**TASK REQUIREMENTS**. Output exactly, and only, the lines below from the one with "this 960×1280 image." down to the one with "this 1500×1688 image.". Include both end lines and no pictures.
**** DATA EXTRACT
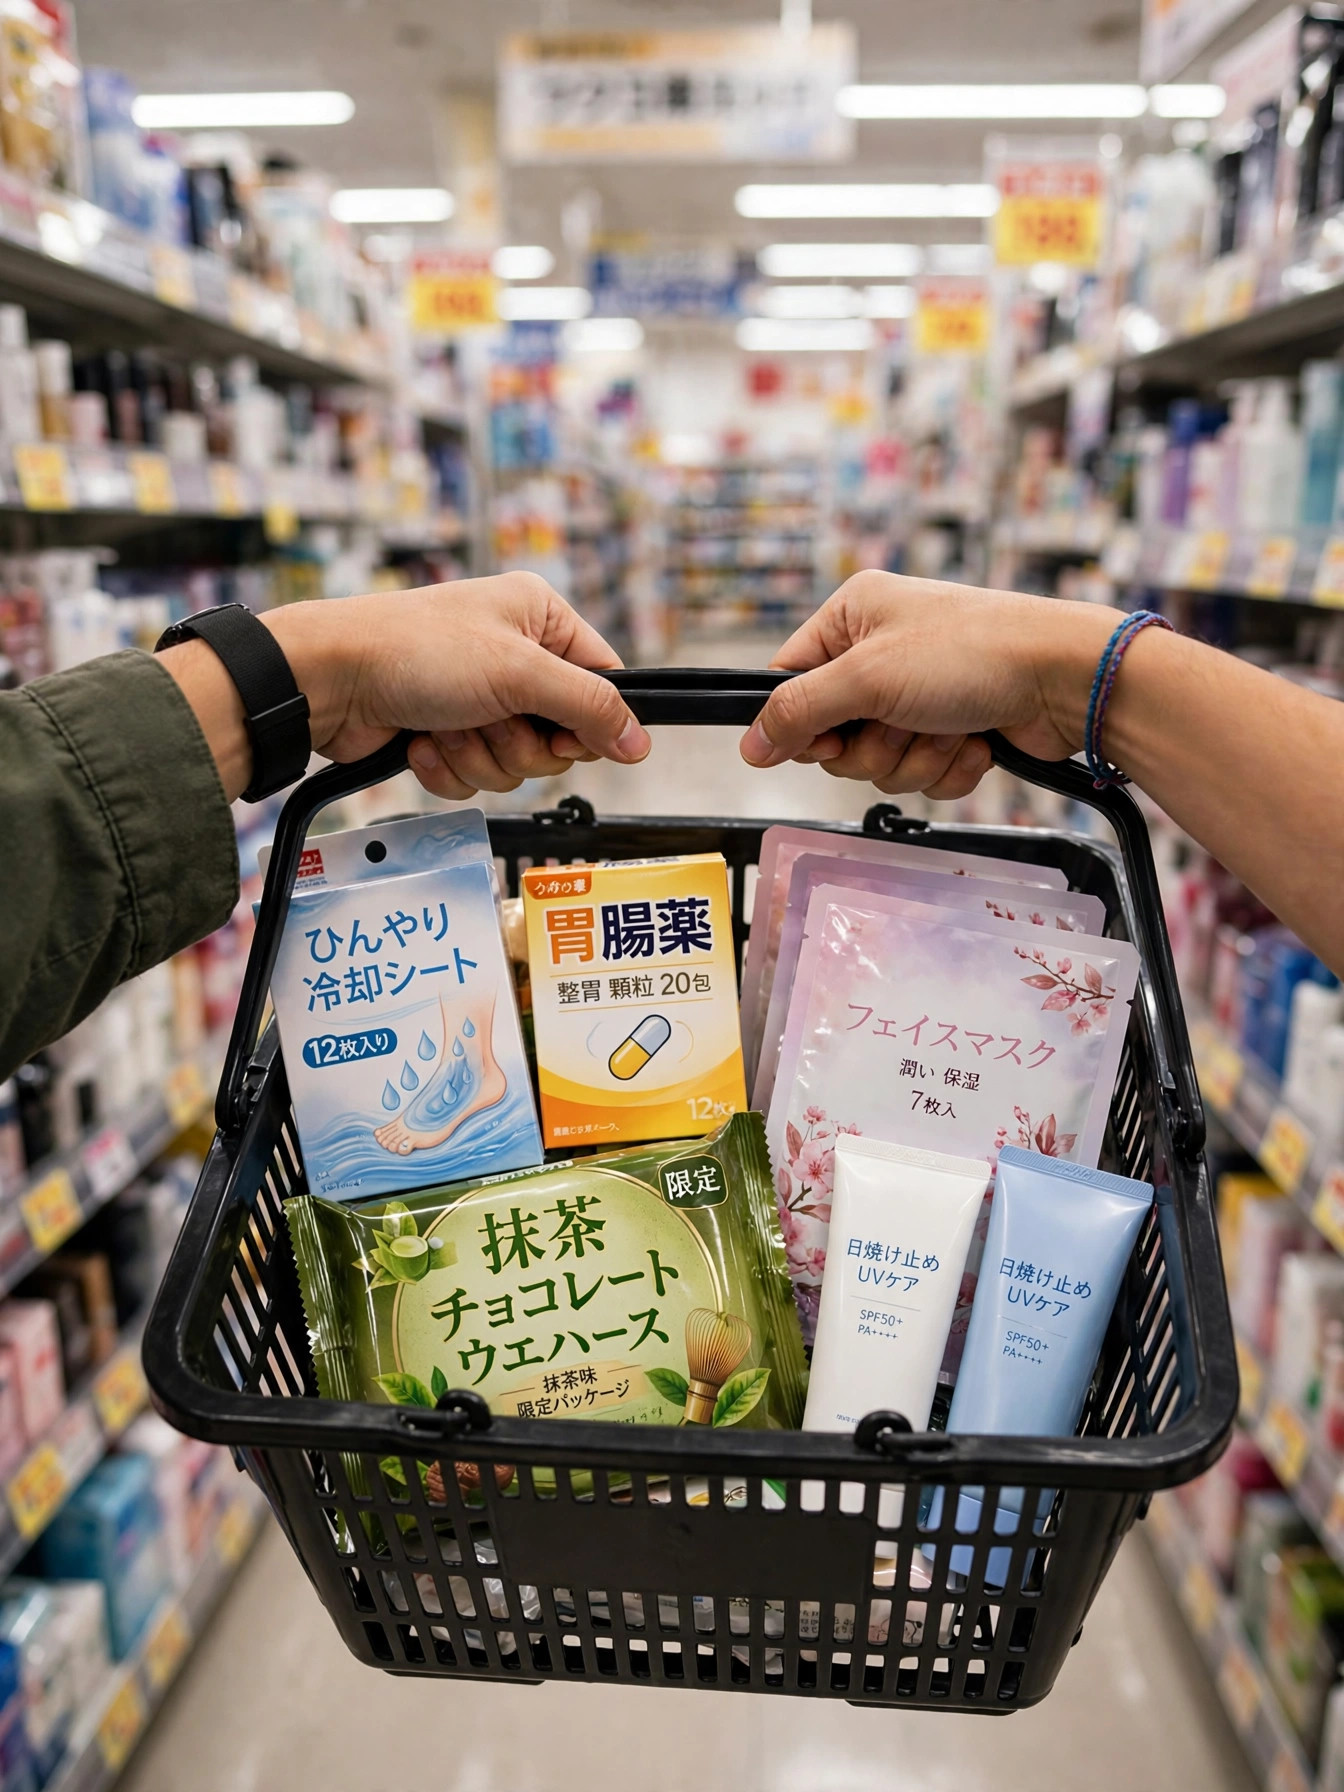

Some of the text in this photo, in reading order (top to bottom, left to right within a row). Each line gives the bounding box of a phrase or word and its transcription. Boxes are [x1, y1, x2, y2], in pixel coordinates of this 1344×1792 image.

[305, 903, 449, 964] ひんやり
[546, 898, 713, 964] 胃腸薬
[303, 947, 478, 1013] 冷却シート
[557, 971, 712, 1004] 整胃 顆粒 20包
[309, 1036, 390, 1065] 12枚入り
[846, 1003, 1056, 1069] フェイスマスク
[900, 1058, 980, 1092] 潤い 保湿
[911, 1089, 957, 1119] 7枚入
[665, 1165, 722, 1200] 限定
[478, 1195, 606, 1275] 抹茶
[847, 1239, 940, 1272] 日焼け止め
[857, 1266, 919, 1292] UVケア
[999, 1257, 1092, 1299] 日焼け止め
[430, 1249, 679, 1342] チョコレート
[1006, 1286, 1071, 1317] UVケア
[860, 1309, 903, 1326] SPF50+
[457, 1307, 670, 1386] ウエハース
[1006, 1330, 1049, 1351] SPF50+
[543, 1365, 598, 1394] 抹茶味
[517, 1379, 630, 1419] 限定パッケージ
********
**** DATA EXTRACT
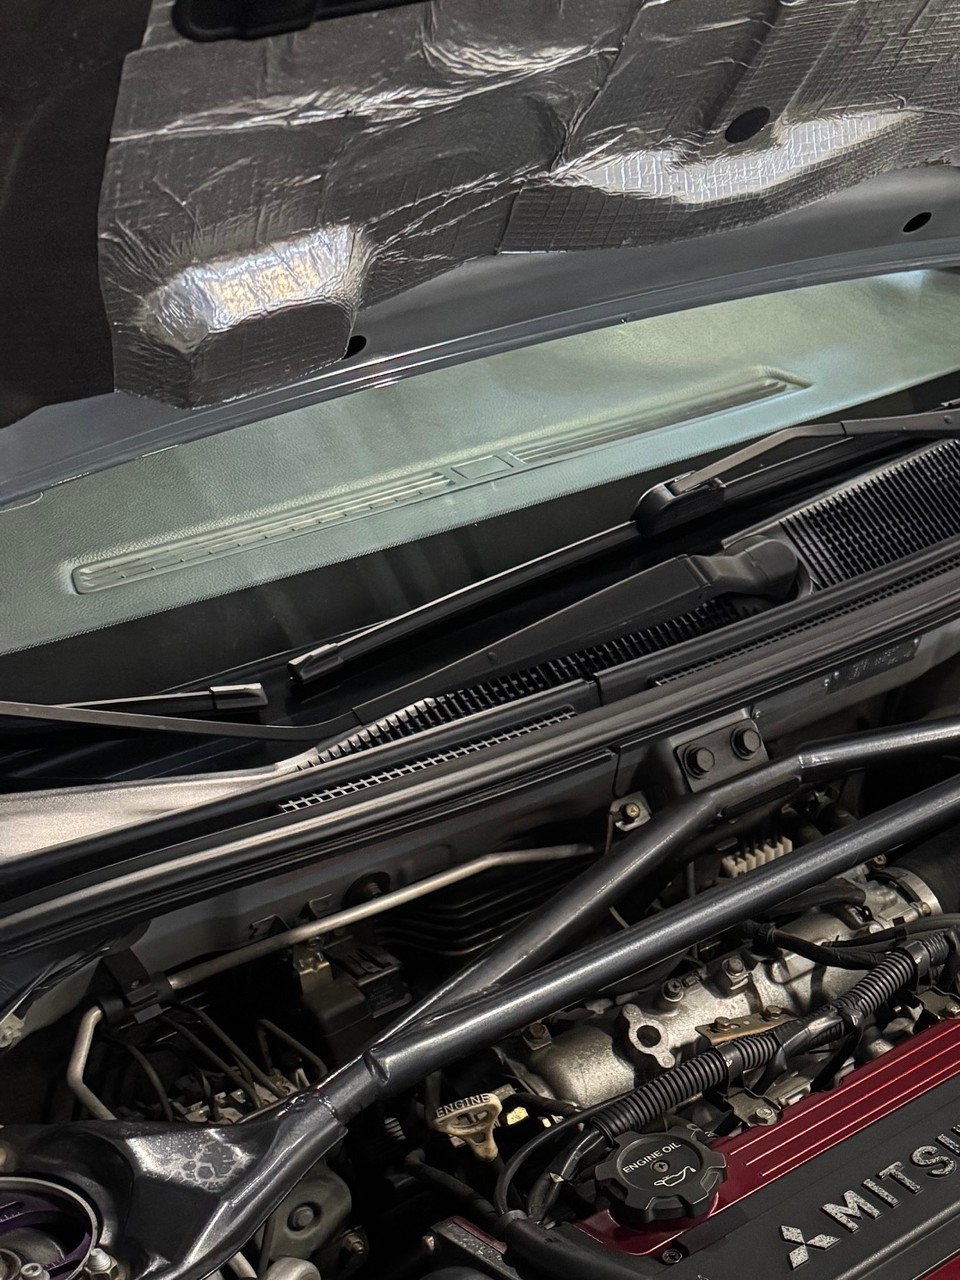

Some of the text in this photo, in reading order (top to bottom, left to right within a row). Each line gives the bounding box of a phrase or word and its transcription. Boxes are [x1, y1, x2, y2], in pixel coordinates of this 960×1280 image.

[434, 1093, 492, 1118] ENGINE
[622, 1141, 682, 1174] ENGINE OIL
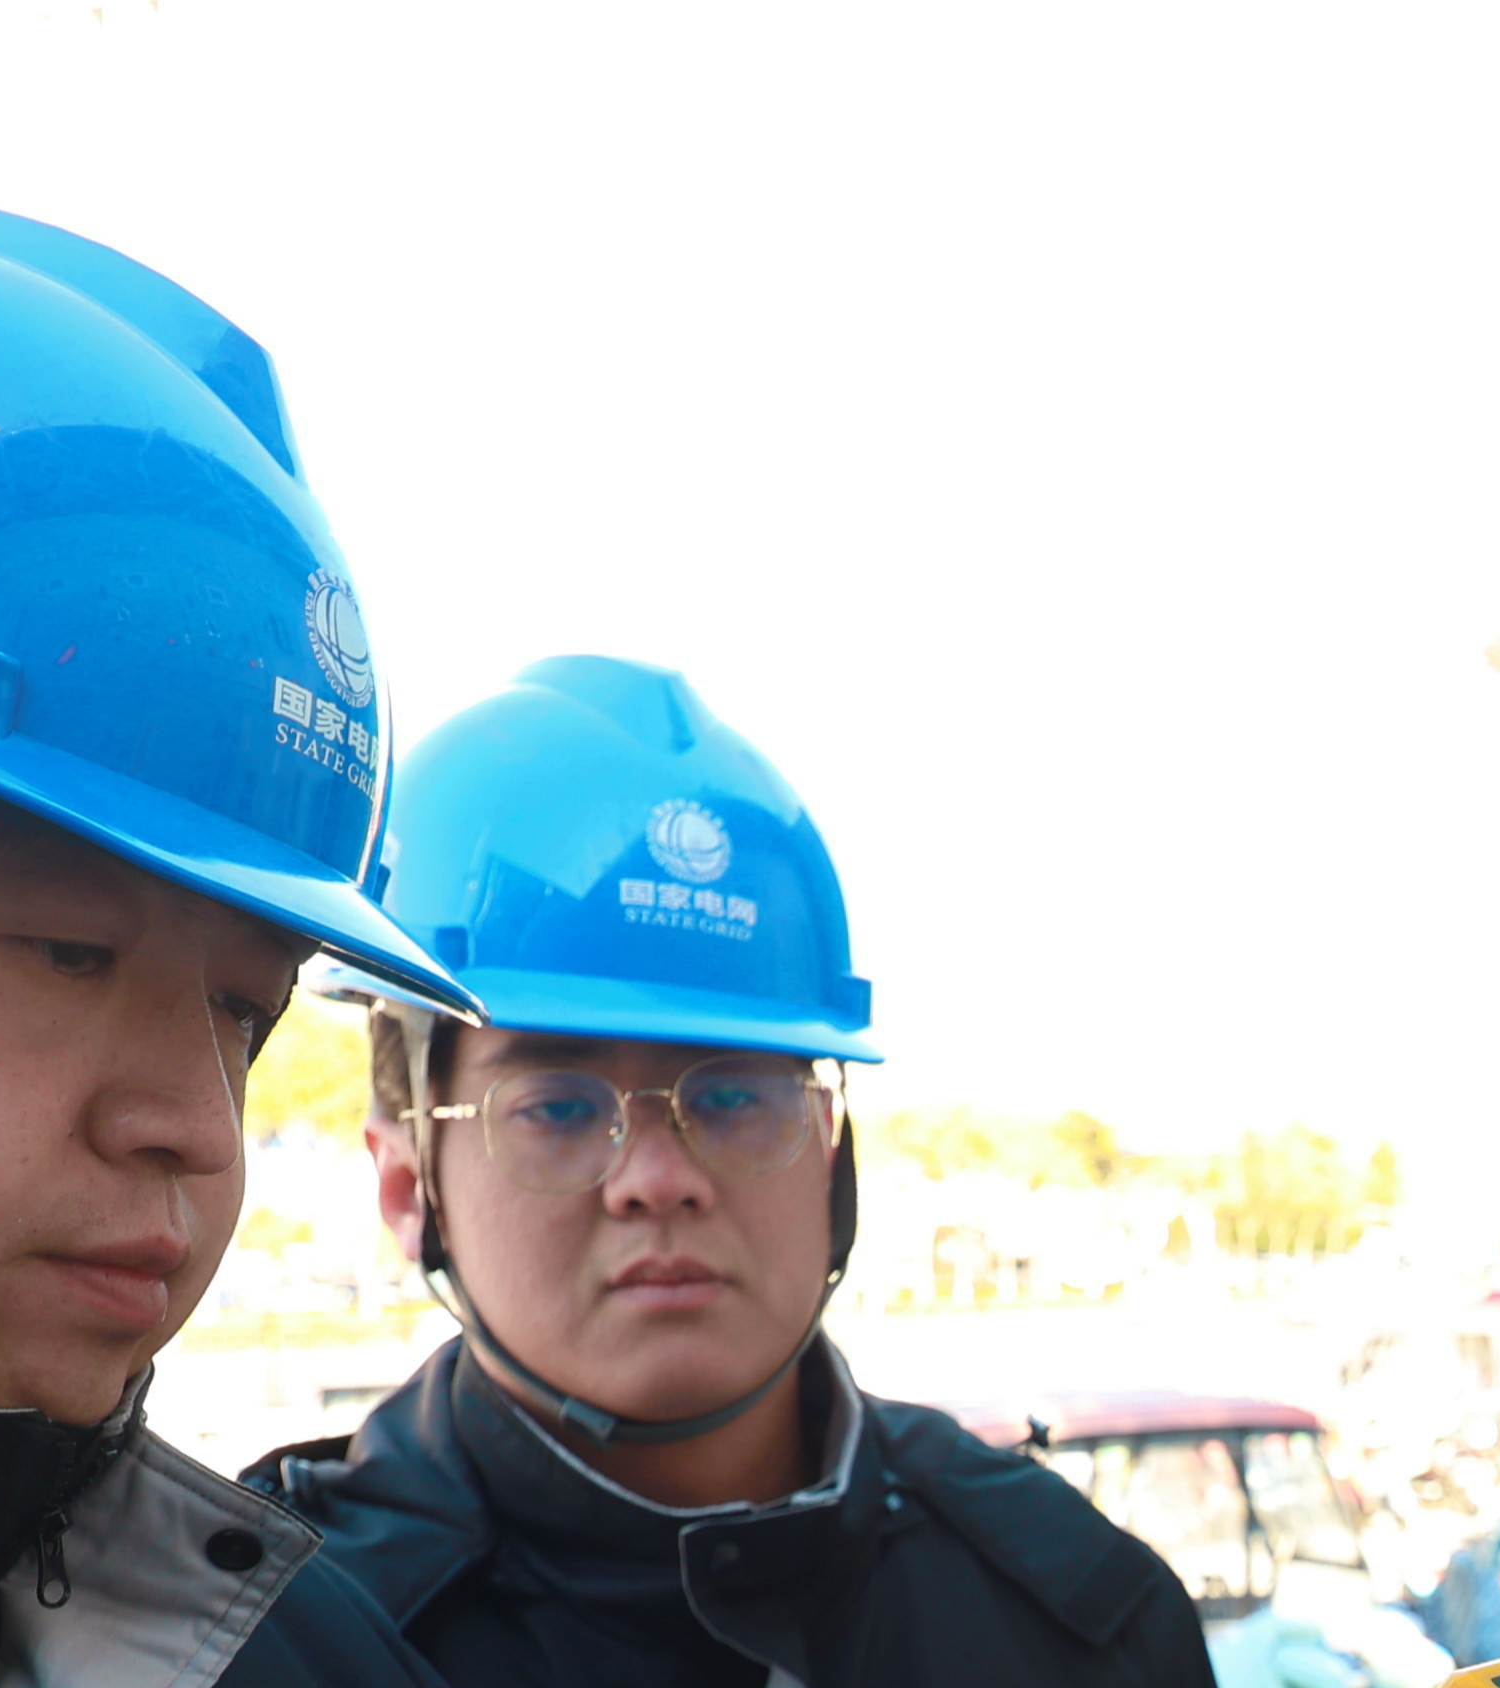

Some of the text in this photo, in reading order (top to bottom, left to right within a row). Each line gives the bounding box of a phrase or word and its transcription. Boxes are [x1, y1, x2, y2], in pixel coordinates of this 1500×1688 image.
********
**** DATA EXTRACT
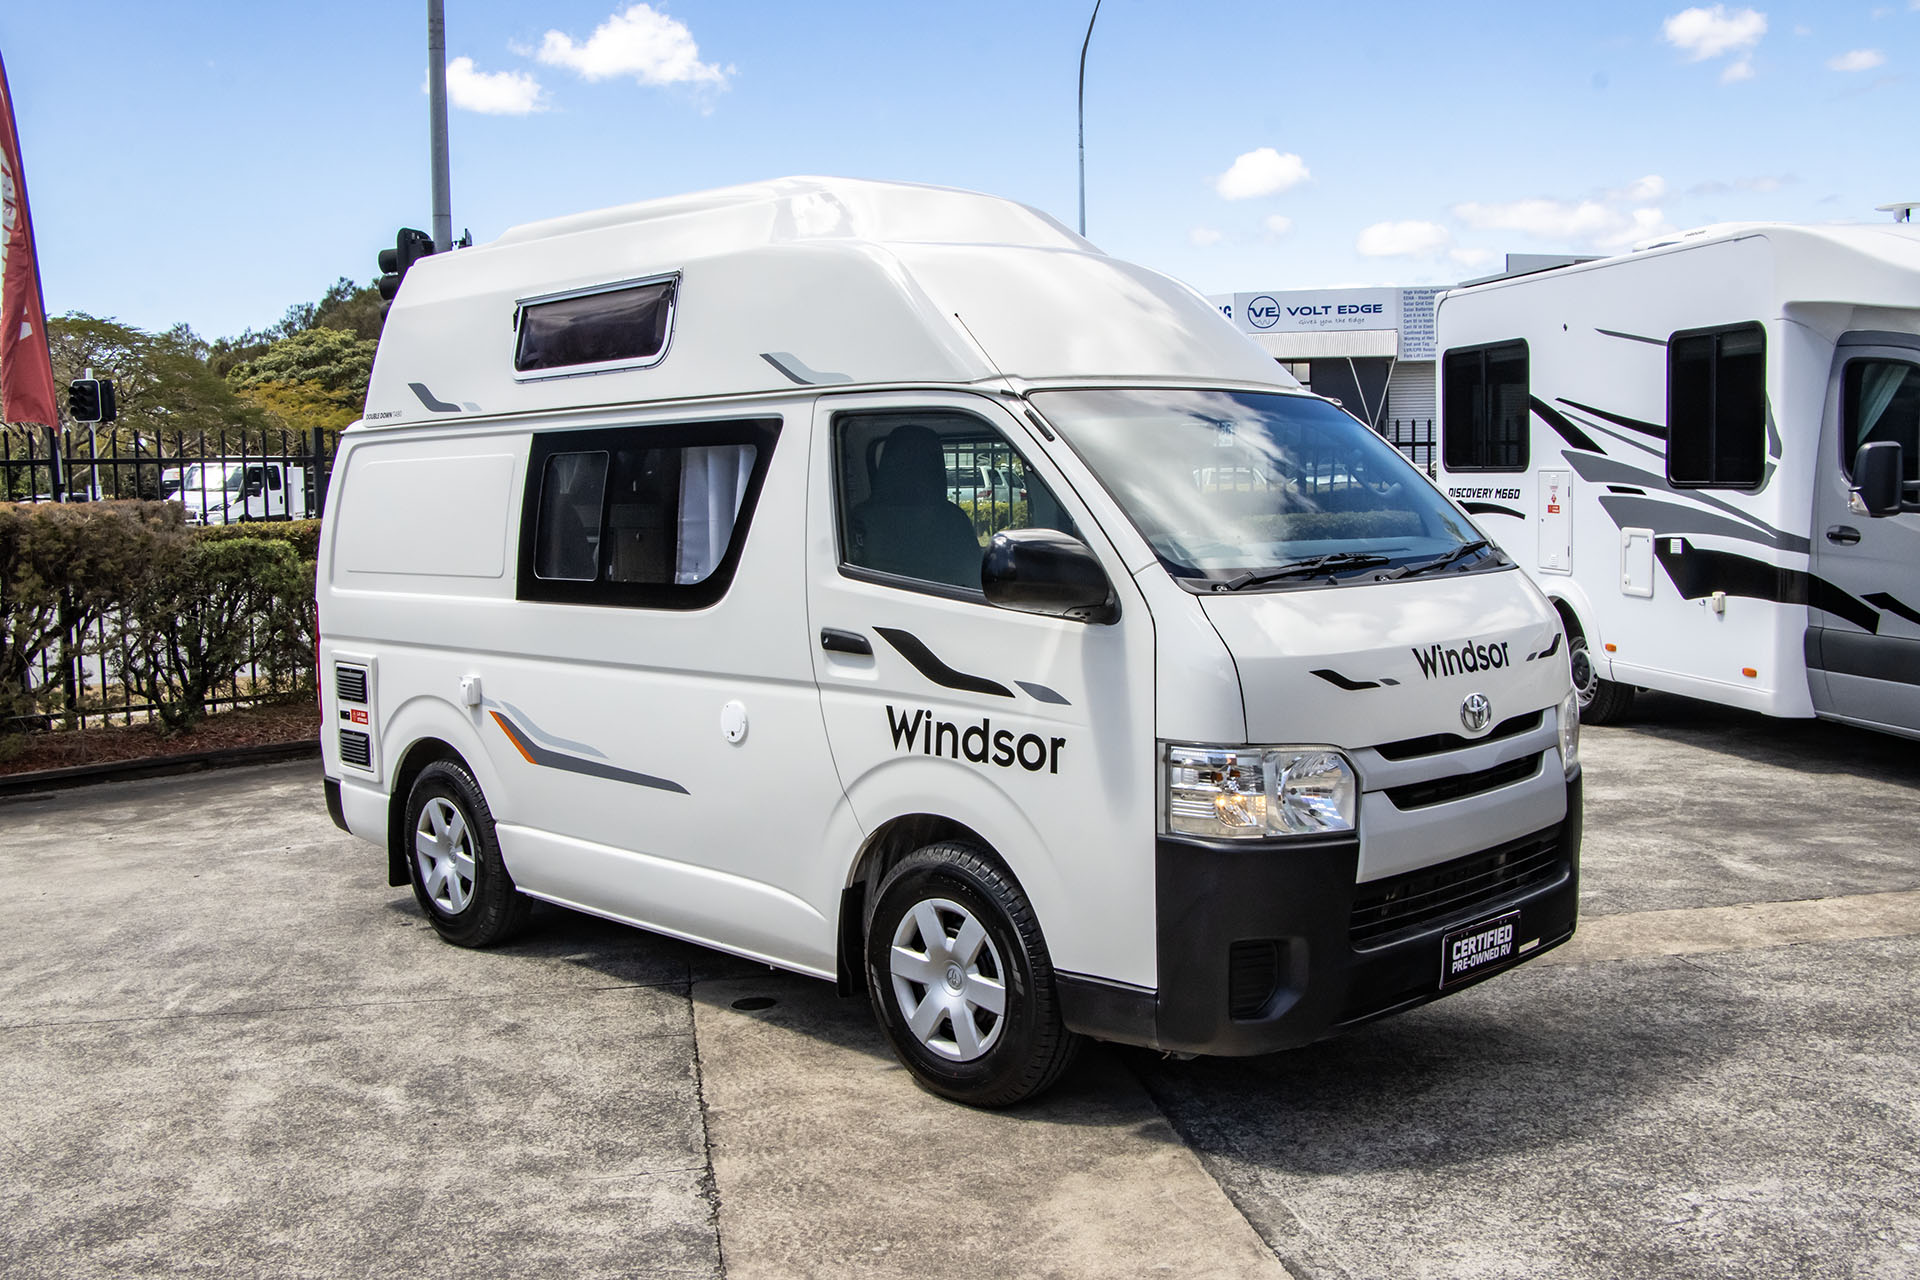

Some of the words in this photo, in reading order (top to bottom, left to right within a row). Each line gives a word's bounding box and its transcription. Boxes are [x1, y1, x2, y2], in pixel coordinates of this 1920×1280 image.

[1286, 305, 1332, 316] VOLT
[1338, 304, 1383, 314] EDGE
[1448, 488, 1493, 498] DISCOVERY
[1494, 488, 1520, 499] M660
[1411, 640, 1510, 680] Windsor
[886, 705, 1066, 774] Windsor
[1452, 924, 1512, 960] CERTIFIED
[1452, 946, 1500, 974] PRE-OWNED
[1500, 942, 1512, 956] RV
********
**ANSWER TO THIS PROBLEM**.
Some of the text in this photo, in reading order (top to bottom, left to right within a row). Each line gives the bounding box of a phrase or word and its transcription. Boxes are [x1, y1, x2, y2], in pixel coordinates of this 960×1280 image.

[434, 1093, 492, 1118] ENGINE
[622, 1141, 682, 1174] ENGINE OIL

Some of the text in this photo, in reading order (top to bottom, left to right within a row). Each line gives the bounding box of a phrase or word and its transcription. Boxes are [x1, y1, x2, y2], in pixel coordinates of this 1500×1688 image.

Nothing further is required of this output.